- Problem requirements:
Copy the data that follows exactly as it is, excluding all pictures.

┄┄┄┄┄┄┄┄┄┄┄┄┄┄┄┄┄┄┄┄

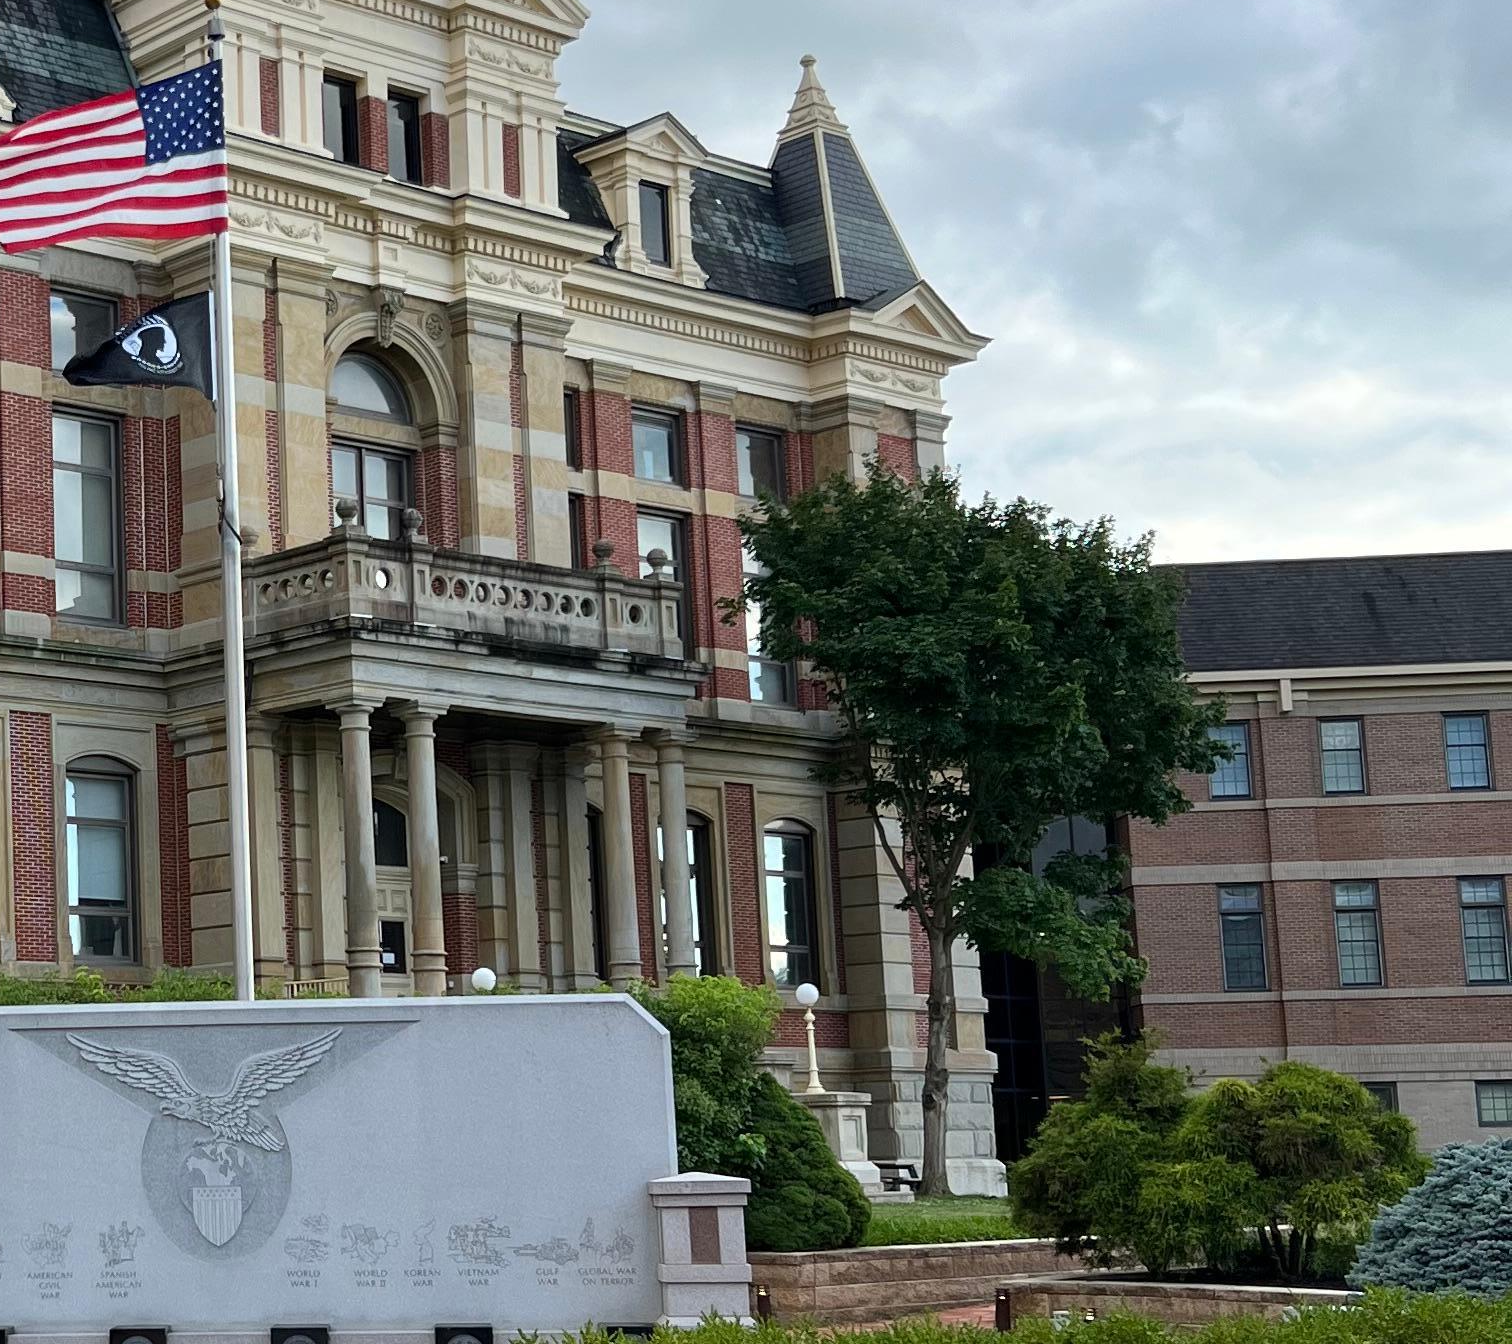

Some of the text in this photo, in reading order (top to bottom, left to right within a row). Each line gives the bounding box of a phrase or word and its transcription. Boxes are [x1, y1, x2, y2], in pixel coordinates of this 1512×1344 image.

[100, 1271, 137, 1279] SPANISH
[287, 1270, 321, 1278] WORLD
[353, 1269, 388, 1278] WORLD
[403, 1269, 441, 1277] KOREAN
[458, 1268, 500, 1277] VIETNAM
[535, 1268, 559, 1276] GULF
[577, 1267, 637, 1275] GLOBAL WAR
[26, 1272, 73, 1280] AMERICAN
[38, 1282, 61, 1290] CIVIL
[95, 1281, 142, 1289] AMERICAN
[291, 1280, 311, 1288] WAR
[356, 1280, 387, 1288] WAR II
[538, 1278, 559, 1286] WAR
[582, 1278, 634, 1286] ON TERROR
[109, 1291, 129, 1299] WAR

┄┄┄┄┄┄┄┄┄┄┄┄┄┄┄┄┄┄┄┄

- Task response:
Some of the text in this photo, in reading order (top to bottom, left to right within a row). Each line gives the bounding box of a phrase or word and its transcription. Boxes are [x1, y1, x2, y2], in pixel coordinates of this 1512×1344 image.

[100, 1271, 137, 1279] SPANISH
[287, 1270, 321, 1278] WORLD
[353, 1269, 388, 1278] WORLD
[403, 1269, 441, 1277] KOREAN
[458, 1268, 500, 1277] VIETNAM
[535, 1268, 559, 1276] GULF
[577, 1267, 637, 1275] GLOBAL WAR
[26, 1272, 73, 1280] AMERICAN
[38, 1282, 61, 1290] CIVIL
[95, 1281, 142, 1289] AMERICAN
[291, 1280, 311, 1288] WAR
[356, 1280, 387, 1288] WAR II
[538, 1278, 559, 1286] WAR
[582, 1278, 634, 1286] ON TERROR
[109, 1291, 129, 1299] WAR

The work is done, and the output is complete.